CVNov 18, 2025

X-WIN: Building Chest Radiograph World Model via Predictive Sensing

arXiv:2511.14918v1
Originality Incremental advance
AI Analysis

This addresses the problem of improved disease diagnosis from CXRs for medical imaging, though it is incremental as it builds on existing world model and contrastive learning techniques.

The paper tackled the challenge of limited 3D anatomical information in chest X-rays (CXRs) by proposing X-WIN, a world model that learns to predict 2D projections from chest CT scans, resulting in outperforming existing foundation models on diverse downstream tasks.

Chest X-ray radiography (CXR) is an essential medical imaging technique for disease diagnosis.
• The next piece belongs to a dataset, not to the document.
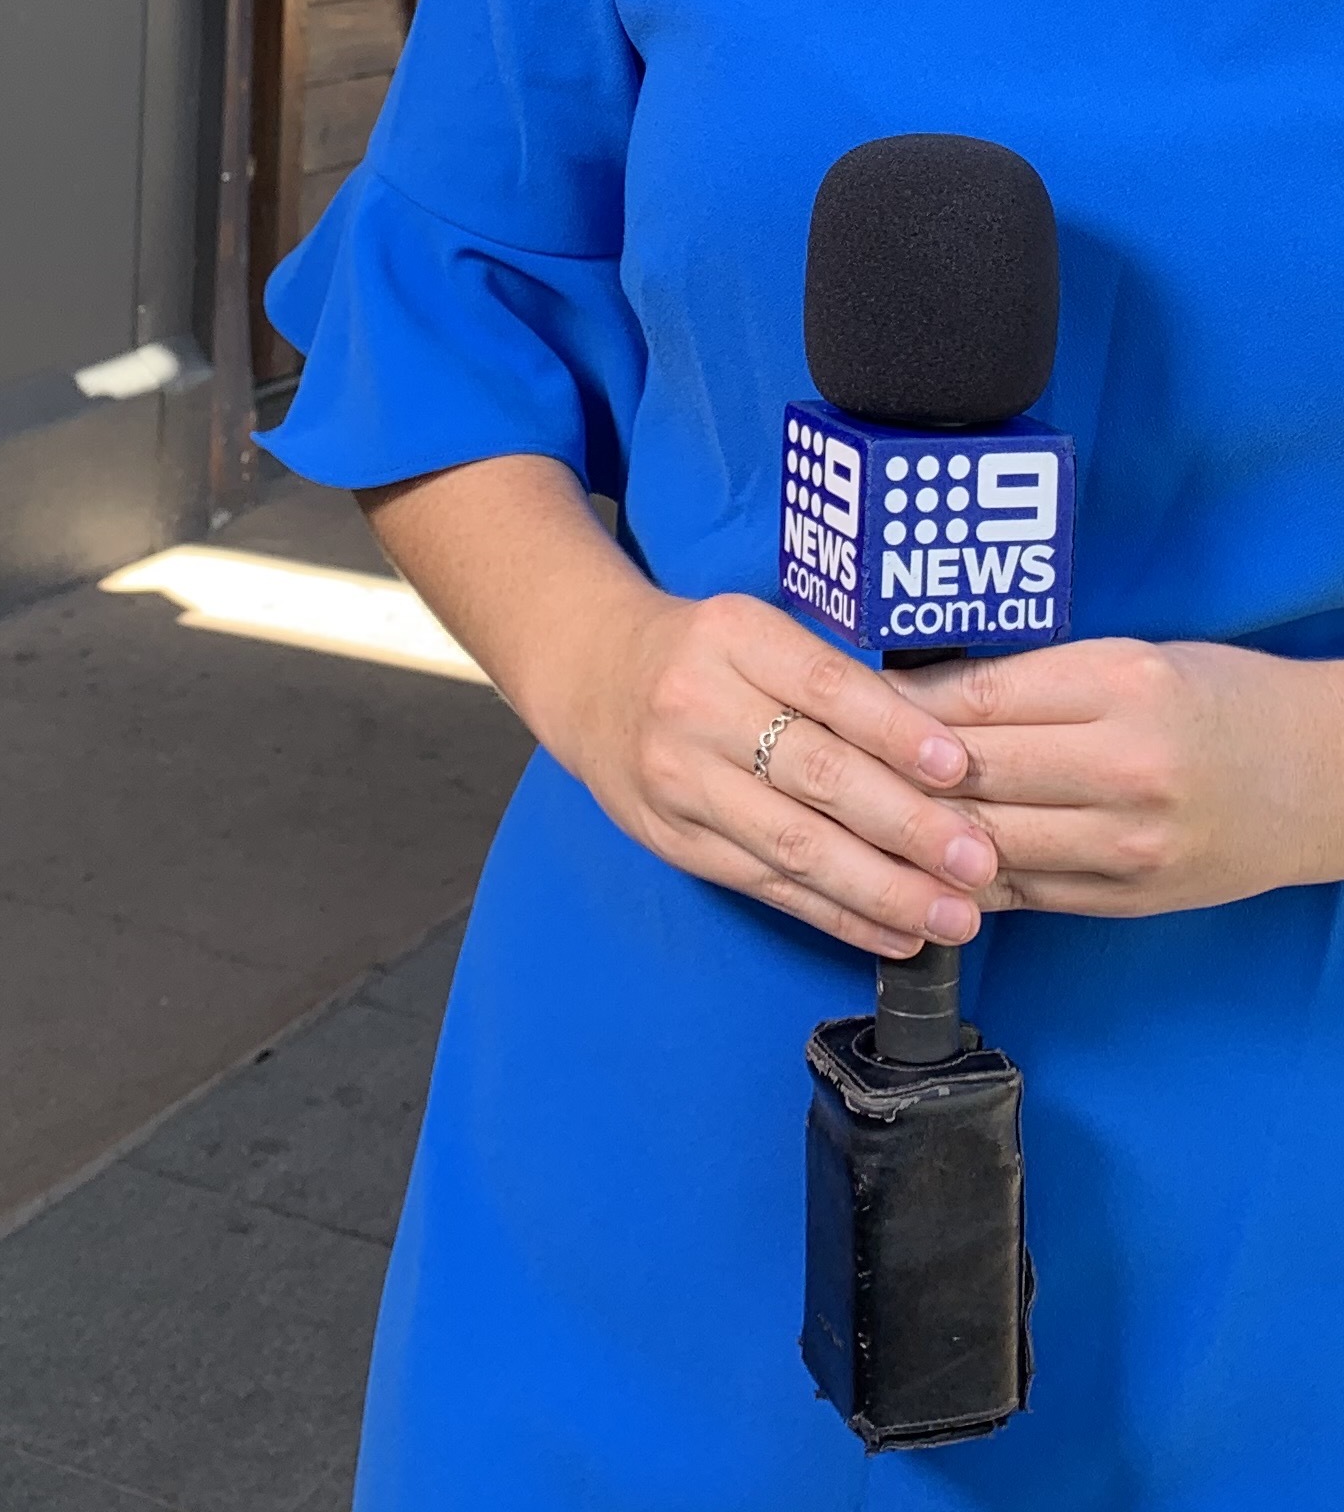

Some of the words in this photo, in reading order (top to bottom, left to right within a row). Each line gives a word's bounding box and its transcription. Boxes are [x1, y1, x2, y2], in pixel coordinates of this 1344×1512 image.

However, as 2D projectional images, CXRs are limited by structural superposition and hence fail to capture 3D anatomies. This limitation makes representation learning and disease diagnosis challenging. To address this challenge, we propose a novel CXR world model named X-WIN, which distills volumetric knowledge from chest computed tomography (CT) by learning to predict its 2D projections in latent space. The core idea is that a world model with internalized knowledge of 3D anatomical structure can predict CXRs under various transformations in 3D space. During projection prediction, we introduce an affinity-guided contrastive alignment loss that leverages mutual similarities to capture rich, correlated information across projections from the same volume. To improve model adaptability, we incorporate real CXRs into training through masked image modeling and employ a domain classifier to encourage statistically similar representations for real and simulated CXRs. Comprehensive experiments show that X-WIN outperforms existing foundation models on diverse downstream tasks using linear probing and few-shot fine-tuning. X-WIN also demonstrates the ability to render 2D projections for reconstructing a 3D CT volume.